P1001 — Can't reach database server

During dump: Neon compute is suspended. Open the Neon console, find the compute endpoint, click Resume. Free-tier computes auto-sleep after inactivity and the wake-up can take 5–30 seconds.

After cutover: the app's DATABASE_URL points at an unreachable host. Causes:

  • Internal hostname only works from containers on the same Docker network. Make sure the app and the Postgres are in the same Dokploy project.
  • Typo in the hostname (the service name changes if you rename/recreate).
  • Postgres container crashed — check its logs.

password authentication failed for user "..."

The DATABASE_URL password doesn't match what Postgres was created with, or the password contains URL-special characters and they weren't encoded.

URL-encoding map for passwords:

CharEncoded
@%40
:%3A
/%2F
?%3F
#%23
%%25

Or just change the password to alphanumerics. Do this now, before you have a dozen services referencing it.

ERROR: permission denied to create extension

The dumped schema uses a Postgres extension (e.g. pgcrypto, citext, uuid-ossp) that isn't installed on the target. Install it as a superuser in the target before restoring:

docker exec -it "$PG_CTR" psql -U postgres -d your_db \
  -c 'CREATE EXTENSION IF NOT EXISTS "uuid-ossp";'

Some extensions require the postgres superuser, not the app user.

pg_restore: error: unsupported version (X.Y) in file header

The dump was made with a newer pg_dump than the target Postgres supports. Check versions:

docker run --rm postgres:17 pg_dump --version
docker exec "$PG_CTR" psql -V

Fix by matching the image version used in Step 2 to the target's major version.

The dump file is empty / 0 bytes

pg_dump wrote nothing. Look at its stderr — most likely an authentication failure that was swallowed. Re-run without --file= to print to stdout and watch the error, or check the container's exit code.

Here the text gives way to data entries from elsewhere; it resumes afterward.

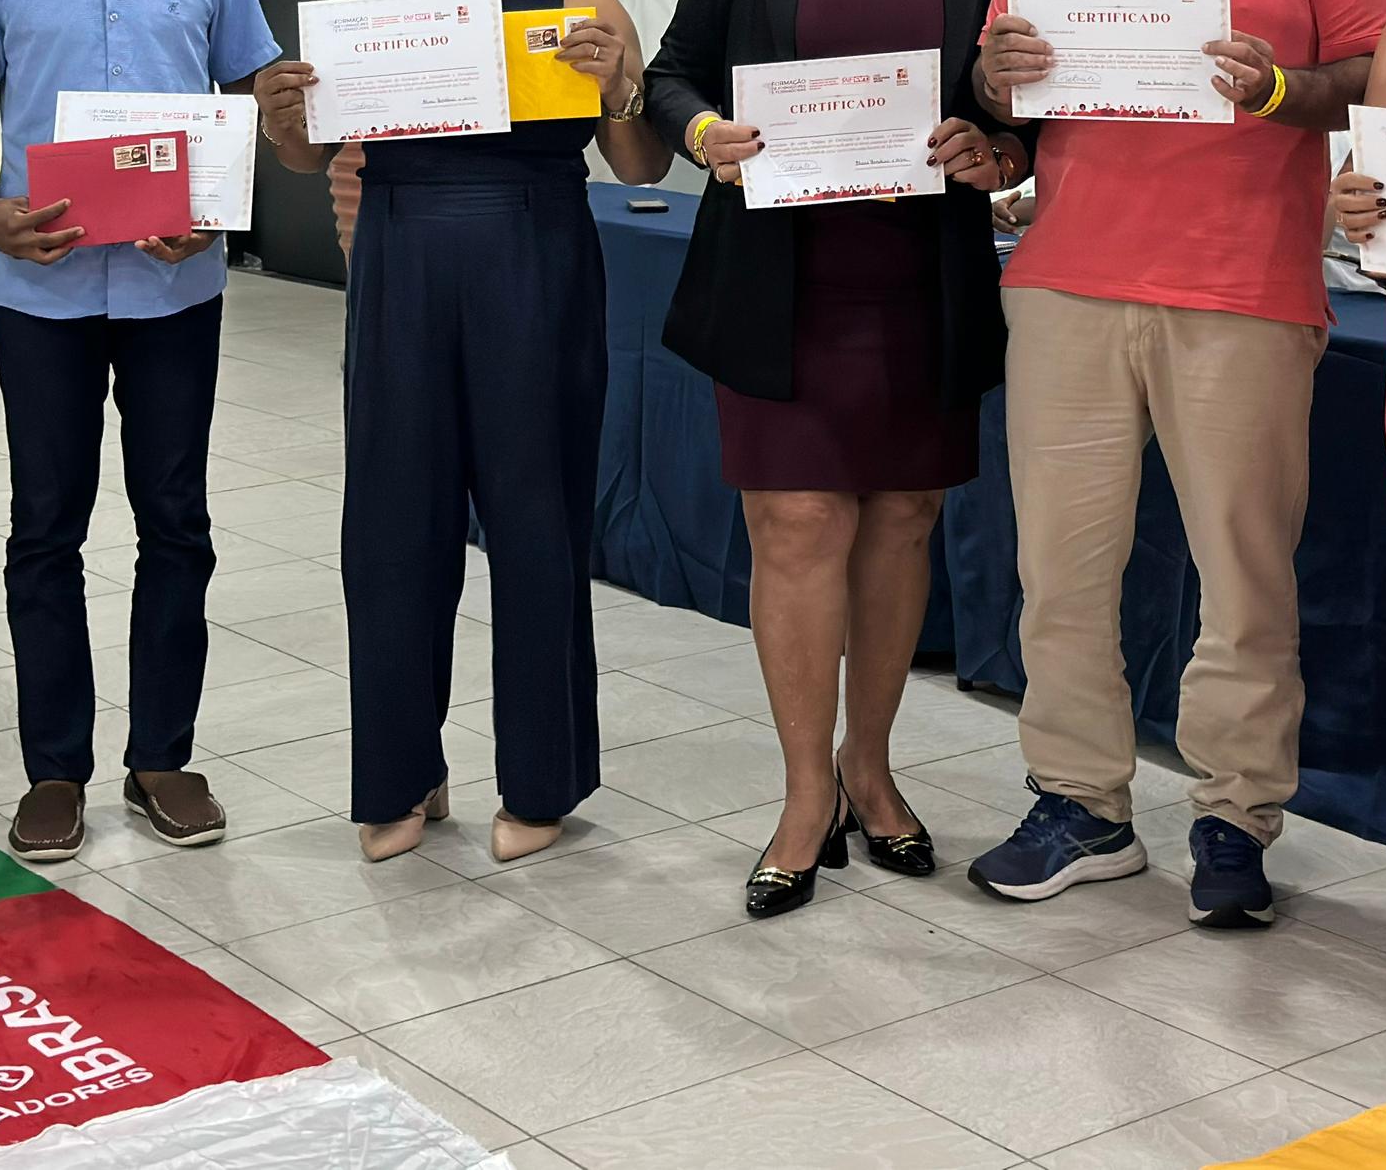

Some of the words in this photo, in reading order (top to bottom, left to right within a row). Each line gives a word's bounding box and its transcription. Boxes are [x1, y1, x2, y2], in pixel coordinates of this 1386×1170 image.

[1067, 12, 1171, 23] CERTIFICADO
[354, 35, 449, 53] CERTIFICADO
[790, 97, 886, 114] CERTIFICADO
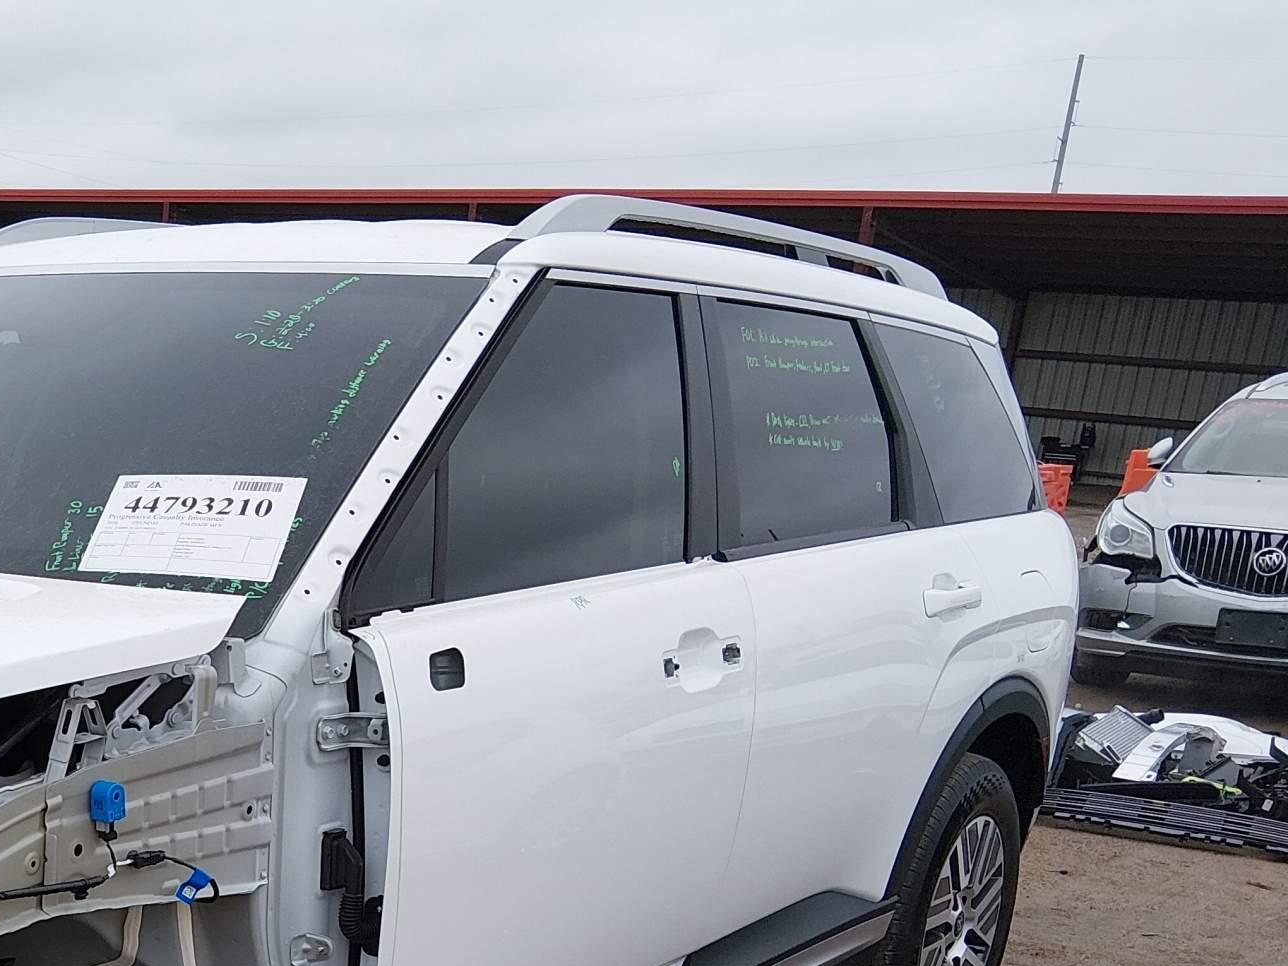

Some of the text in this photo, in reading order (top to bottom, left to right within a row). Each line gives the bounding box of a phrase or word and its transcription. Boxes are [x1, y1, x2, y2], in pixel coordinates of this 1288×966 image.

[124, 495, 273, 518] 44793210
[153, 513, 185, 521] Casualty
[187, 514, 226, 522] Insurance

next build errors with DATABASE_URL resolved to an empty string

The build doesn't have the env var. Two options:

  1. Pass DATABASE_URL as a build arg (Dokploy's build-args section). A placeholder string like postgresql://placeholder:placeholder@localhost:5432/placeholder is enough — the real value comes from runtime env.
  2. Make the Prisma client lazy so it doesn't construct at module import. Wrap new PrismaClient() behind a getter/Proxy so it's only instantiated when a query actually runs.

ERR_TOO_MANY_REDIRECTS after cutover (next-auth apps)

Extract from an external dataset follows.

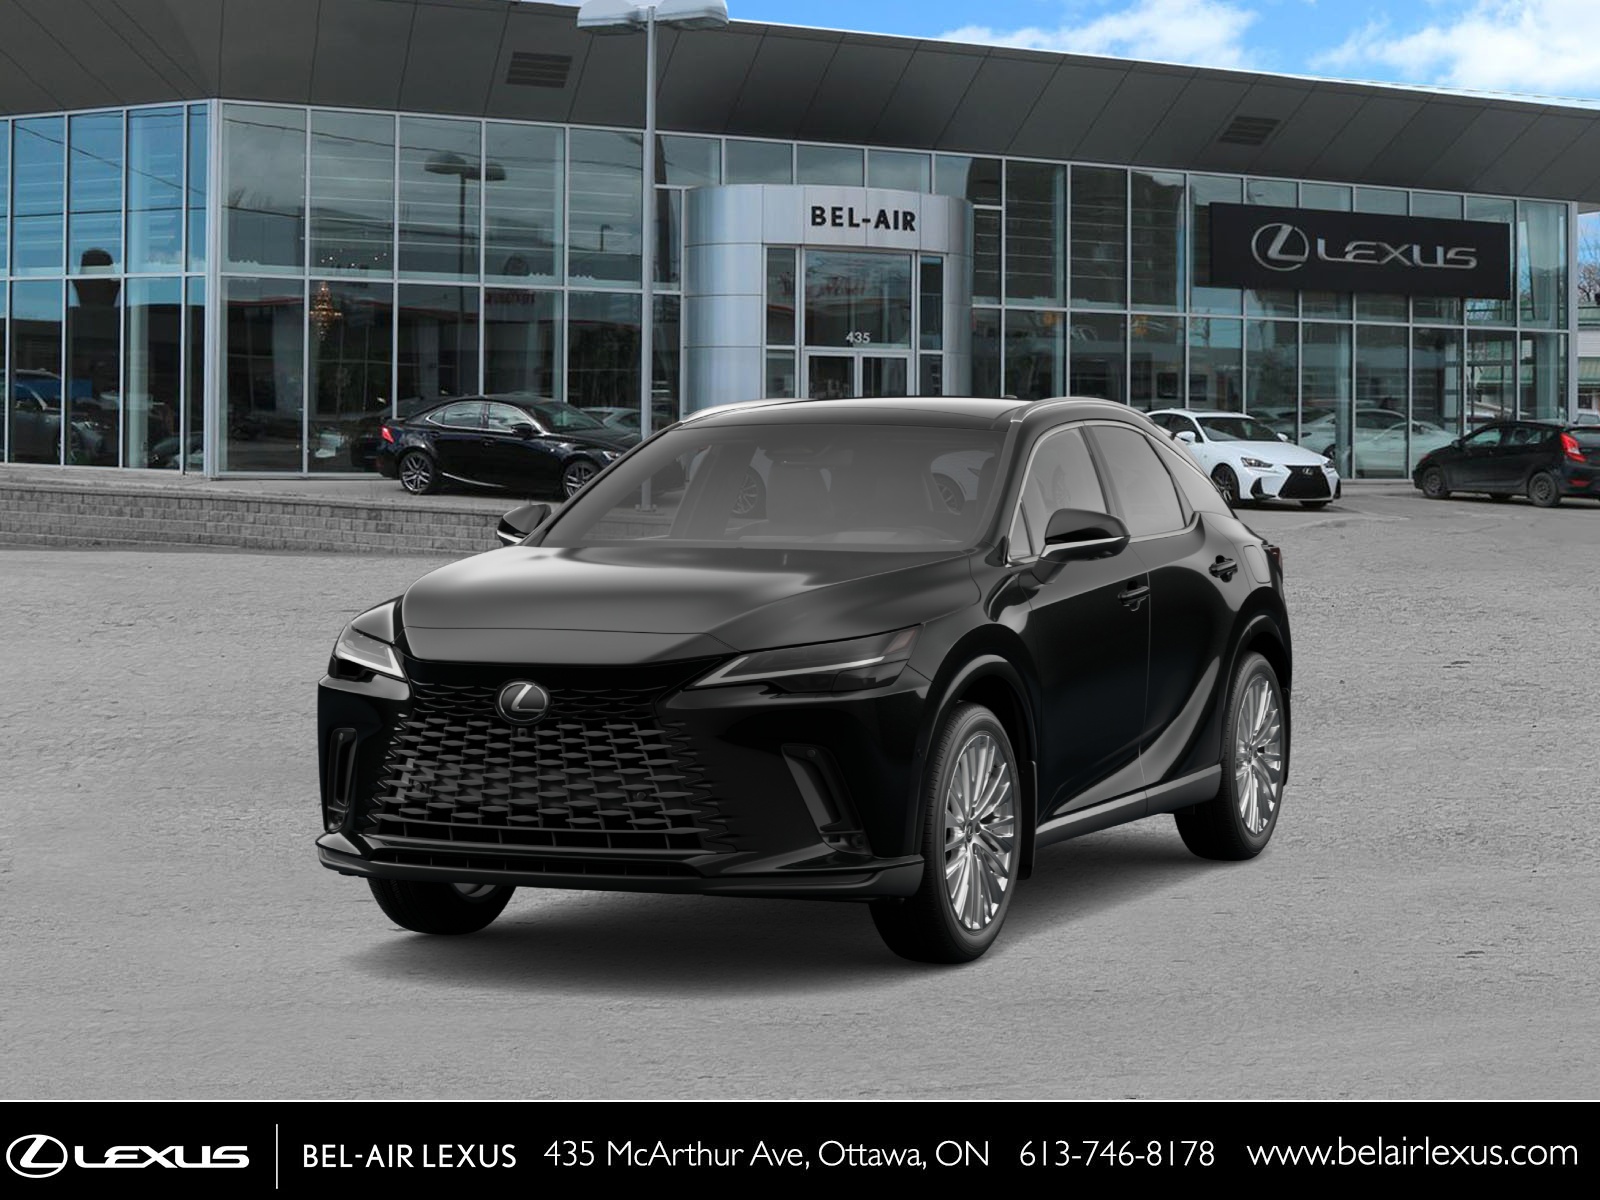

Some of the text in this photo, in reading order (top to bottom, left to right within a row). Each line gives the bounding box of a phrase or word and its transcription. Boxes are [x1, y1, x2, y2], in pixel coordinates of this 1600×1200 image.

[811, 205, 916, 232] BEL-AIR
[1317, 237, 1478, 270] LEXUS
[846, 331, 871, 344] 435

NEXTAUTH_URL doesn't match the host the browser is hitting. Cookies are scoped to the wrong domain → session never sticks → the dashboard bounces to /login forever. Update NEXTAUTH_URL to the exact public URL (protocol + host + port) of your deployed app.

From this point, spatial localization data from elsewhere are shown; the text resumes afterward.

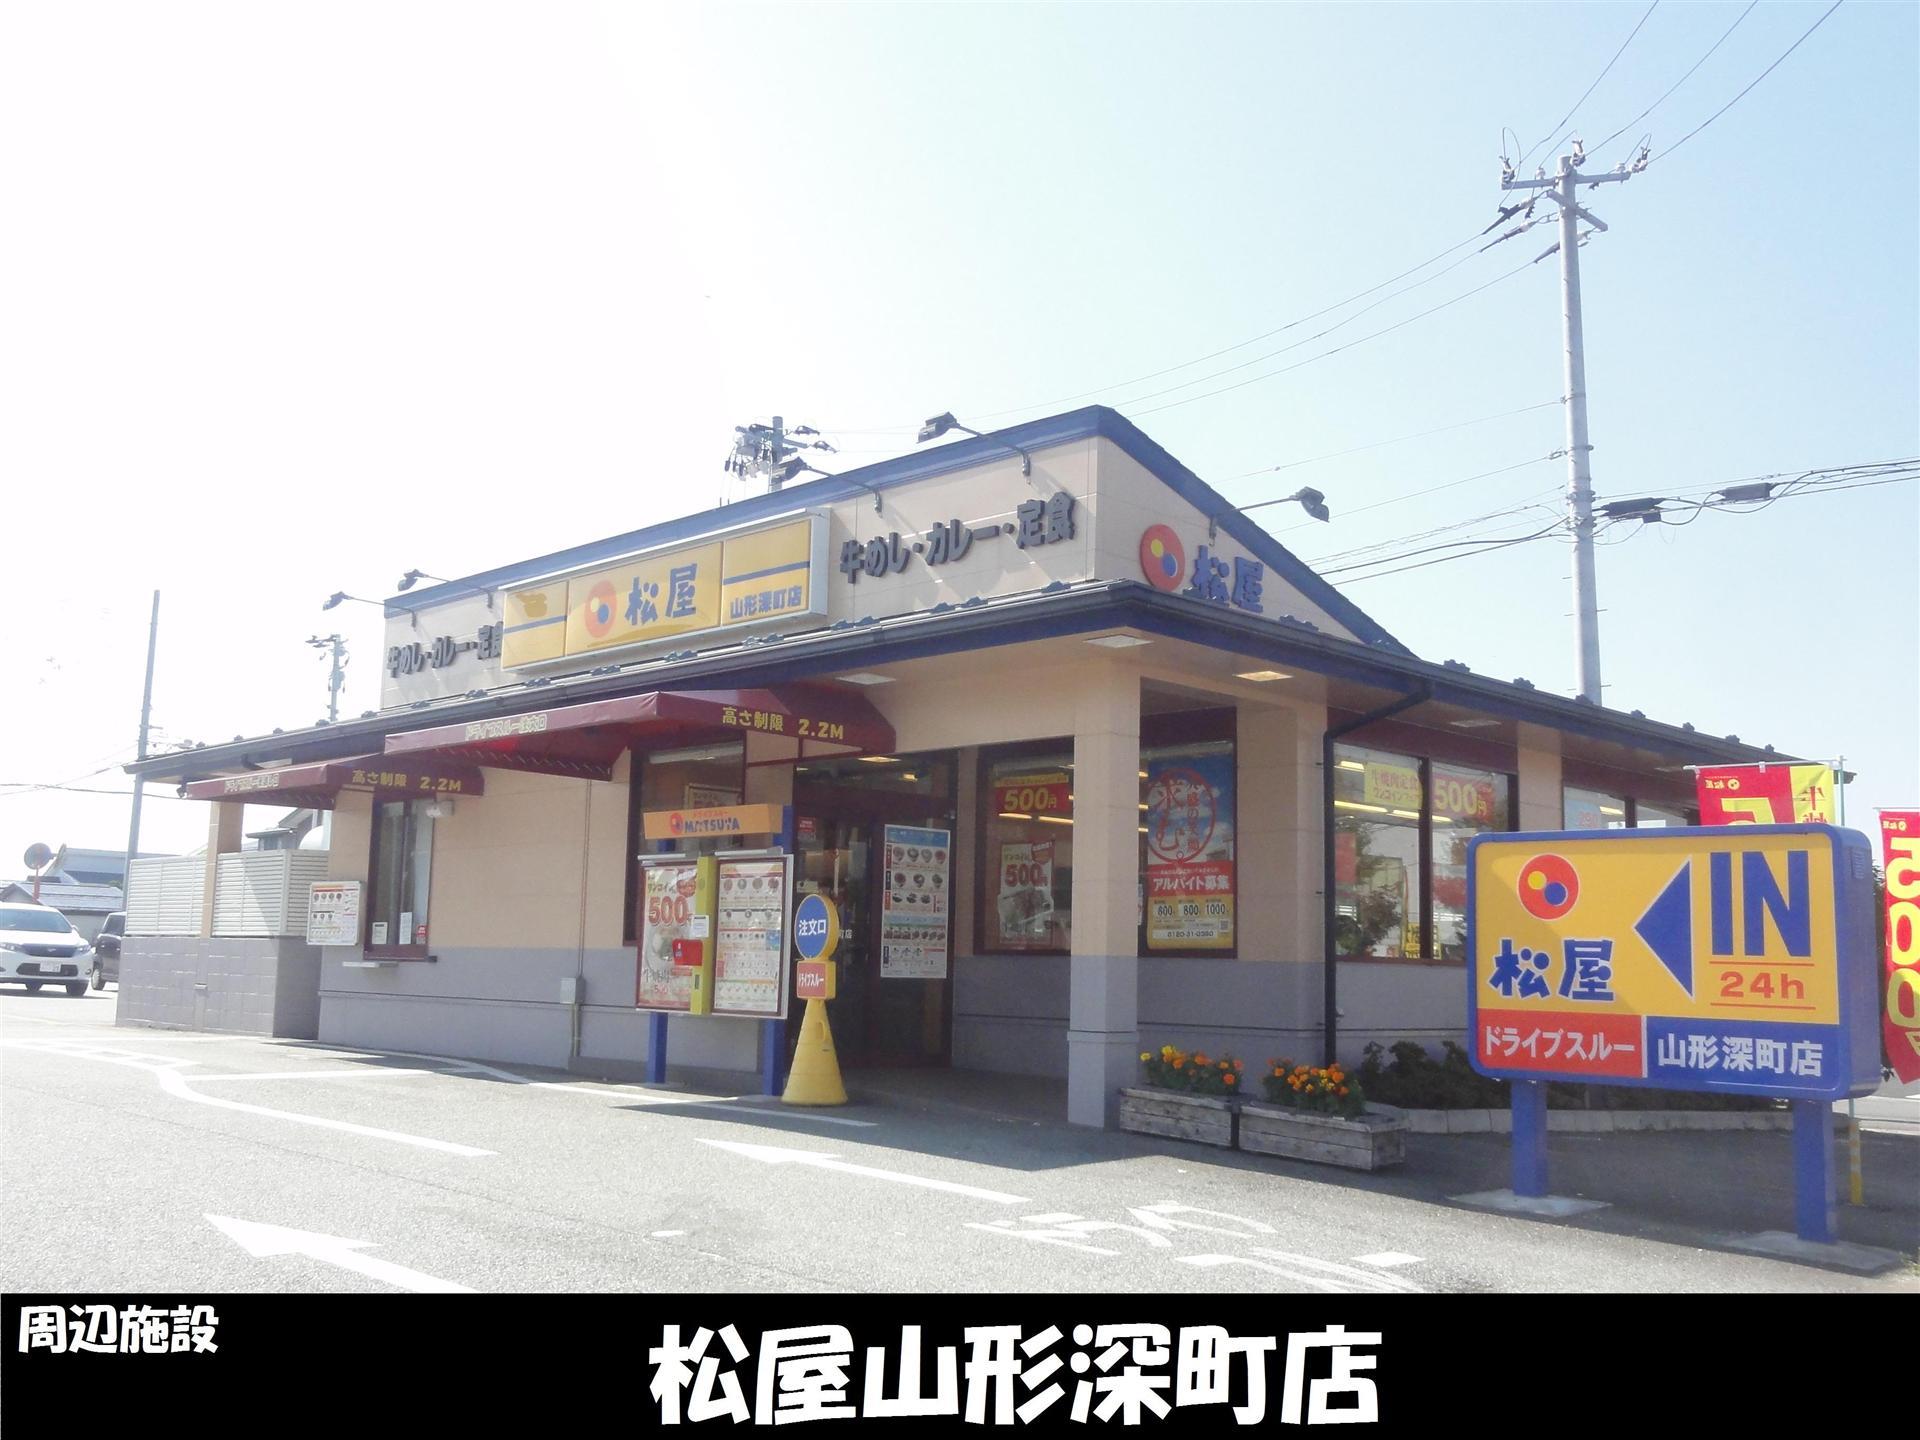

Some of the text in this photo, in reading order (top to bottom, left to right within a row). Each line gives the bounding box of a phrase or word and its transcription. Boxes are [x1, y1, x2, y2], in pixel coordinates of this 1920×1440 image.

[840, 492, 1077, 584] 牛めし・カレー・定食
[625, 563, 698, 626] 松屋
[1191, 545, 1264, 613] 松屋
[730, 585, 803, 619] 山形深町店
[722, 707, 844, 740] 高さ制限 2.2M
[352, 769, 462, 793] 高さ制限 2.2M
[684, 818, 740, 834] MATSUYA
[1710, 850, 1812, 957] IN
[798, 919, 827, 936] 注文口
[1488, 936, 1616, 1001] 松屋
[1719, 970, 1806, 1000] 24h
[1485, 1025, 1636, 1061] ドライブスルー
[1657, 1033, 1823, 1078] 山形深町店

Appendix — doing this for any two Postgres databases

The only things specific to Neon/Dokploy in this guide are the hostnames and the UI clicks in Step 1 and Step 4. The core workflow — pg_dump --format=custom --no-owner --no-privileges --no-acl → file → pg_restore --no-owner --no-privileges --clean --if-exists — works between any two Postgres instances, cloud or self-hosted, as long as you:

  • Match major versions.
  • Handle any required extensions on the target side.
  • Test the restore before pointing production at it.

Swap pg_dump for pg_dumpall if you need roles and cluster-level objects too; swap --format=custom for --format=directory + --jobs=N for parallel dump/restore on large datasets.